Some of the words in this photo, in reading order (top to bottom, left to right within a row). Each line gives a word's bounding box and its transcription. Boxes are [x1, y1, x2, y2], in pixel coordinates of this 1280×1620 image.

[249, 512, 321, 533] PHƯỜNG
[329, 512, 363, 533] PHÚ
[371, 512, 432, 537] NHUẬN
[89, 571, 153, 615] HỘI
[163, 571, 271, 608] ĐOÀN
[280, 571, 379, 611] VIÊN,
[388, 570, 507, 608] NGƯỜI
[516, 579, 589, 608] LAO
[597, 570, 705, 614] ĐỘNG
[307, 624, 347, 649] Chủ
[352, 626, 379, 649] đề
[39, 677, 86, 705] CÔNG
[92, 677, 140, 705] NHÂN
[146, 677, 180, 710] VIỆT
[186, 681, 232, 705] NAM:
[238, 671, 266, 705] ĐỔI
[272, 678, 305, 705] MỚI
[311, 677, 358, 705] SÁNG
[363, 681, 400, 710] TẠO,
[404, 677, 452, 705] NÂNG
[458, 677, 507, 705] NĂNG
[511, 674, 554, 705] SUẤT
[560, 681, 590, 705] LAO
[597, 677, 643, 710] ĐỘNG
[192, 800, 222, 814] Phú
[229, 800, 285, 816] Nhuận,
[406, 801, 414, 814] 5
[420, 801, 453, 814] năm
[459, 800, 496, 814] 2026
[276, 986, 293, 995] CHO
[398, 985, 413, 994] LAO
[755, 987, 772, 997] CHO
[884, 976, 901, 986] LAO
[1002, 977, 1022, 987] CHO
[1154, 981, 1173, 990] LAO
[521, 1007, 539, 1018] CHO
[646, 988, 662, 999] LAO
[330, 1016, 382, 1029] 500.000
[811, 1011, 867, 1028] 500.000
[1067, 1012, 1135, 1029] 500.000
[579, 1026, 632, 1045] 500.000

• [Exercise objective]:
All of the material above needs to be transcribed verbatim.

• [Task output]:
Some of the words in this photo, in reading order (top to bottom, left to right within a row). Each line gives a word's bounding box and its transcription. Boxes are [x1, y1, x2, y2], in pixel coordinates of this 1280×1620 image.

[249, 512, 321, 533] PHƯỜNG
[329, 512, 363, 533] PHÚ
[371, 512, 432, 537] NHUẬN
[89, 571, 153, 615] HỘI
[163, 571, 271, 608] ĐOÀN
[280, 571, 379, 611] VIÊN,
[388, 570, 507, 608] NGƯỜI
[516, 579, 589, 608] LAO
[597, 570, 705, 614] ĐỘNG
[307, 624, 347, 649] Chủ
[352, 626, 379, 649] đề
[39, 677, 86, 705] CÔNG
[92, 677, 140, 705] NHÂN
[146, 677, 180, 710] VIỆT
[186, 681, 232, 705] NAM:
[238, 671, 266, 705] ĐỔI
[272, 678, 305, 705] MỚI
[311, 677, 358, 705] SÁNG
[363, 681, 400, 710] TẠO,
[404, 677, 452, 705] NÂNG
[458, 677, 507, 705] NĂNG
[511, 674, 554, 705] SUẤT
[560, 681, 590, 705] LAO
[597, 677, 643, 710] ĐỘNG
[192, 800, 222, 814] Phú
[229, 800, 285, 816] Nhuận,
[406, 801, 414, 814] 5
[420, 801, 453, 814] năm
[459, 800, 496, 814] 2026
[276, 986, 293, 995] CHO
[398, 985, 413, 994] LAO
[755, 987, 772, 997] CHO
[884, 976, 901, 986] LAO
[1002, 977, 1022, 987] CHO
[1154, 981, 1173, 990] LAO
[521, 1007, 539, 1018] CHO
[646, 988, 662, 999] LAO
[330, 1016, 382, 1029] 500.000
[811, 1011, 867, 1028] 500.000
[1067, 1012, 1135, 1029] 500.000
[579, 1026, 632, 1045] 500.000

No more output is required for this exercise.